Reproduce the entries in full. Exclude all images from the copy.
####
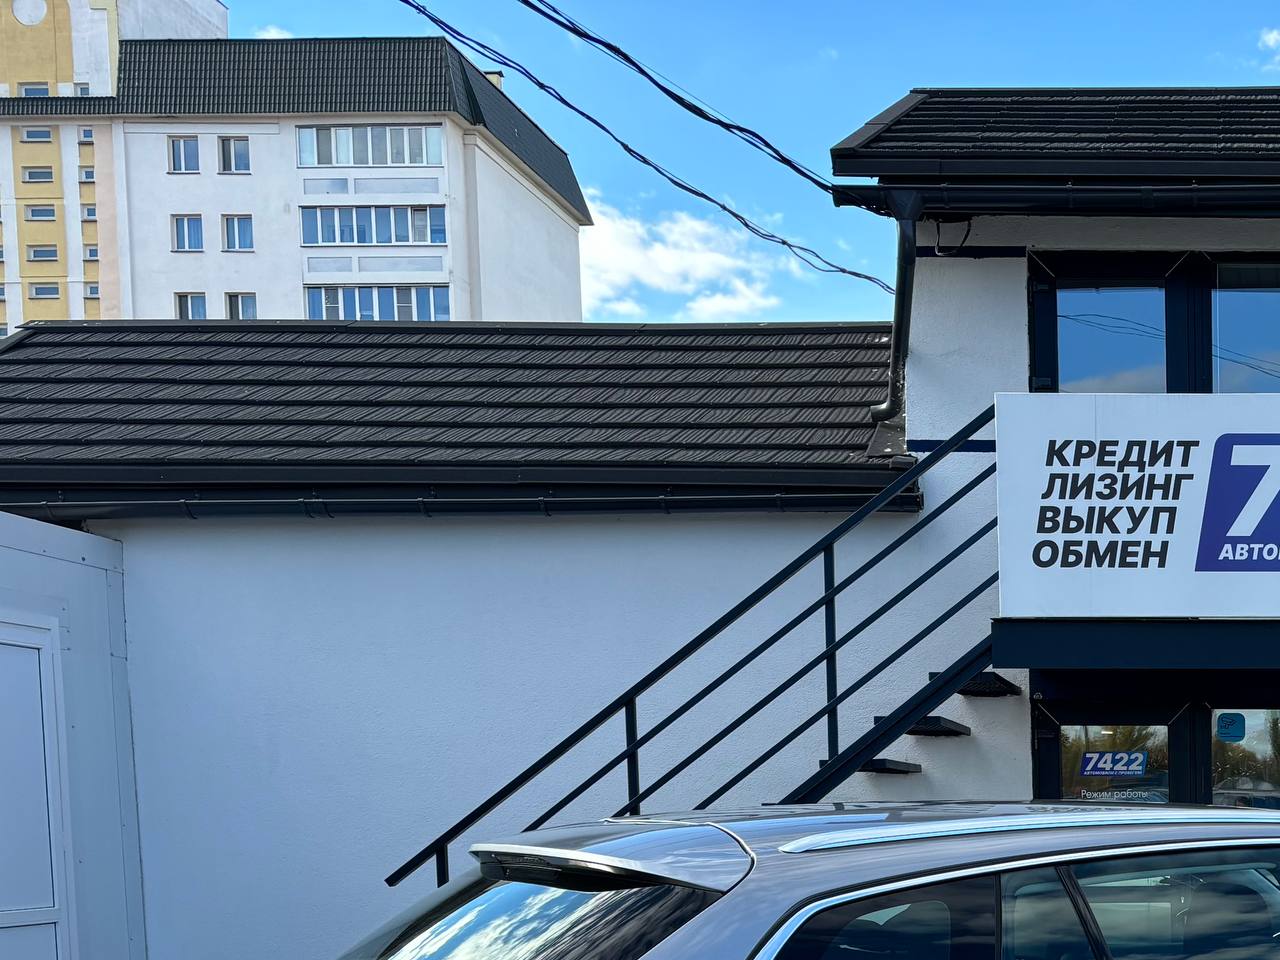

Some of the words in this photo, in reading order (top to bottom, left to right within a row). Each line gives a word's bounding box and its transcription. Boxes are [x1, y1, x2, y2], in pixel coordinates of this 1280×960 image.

[1045, 439, 1200, 473] КРЕДИТ
[1040, 472, 1195, 501] ЛИЗИНГ
[1036, 505, 1178, 535] ВЫКУП
[1031, 539, 1170, 569] ОБМЕН
[1084, 752, 1144, 771] 7422
[1081, 789, 1111, 799] Режим
####
Response below:
Some of the words in this photo, in reading order (top to bottom, left to right within a row). Each line gives a word's bounding box and its transcription. Boxes are [x1, y1, x2, y2], in pixel coordinates of this 1280×960 image.

[1045, 439, 1200, 473] КРЕДИТ
[1040, 472, 1195, 501] ЛИЗИНГ
[1036, 505, 1178, 535] ВЫКУП
[1031, 539, 1170, 569] ОБМЕН
[1084, 752, 1144, 771] 7422
[1081, 789, 1111, 799] Режим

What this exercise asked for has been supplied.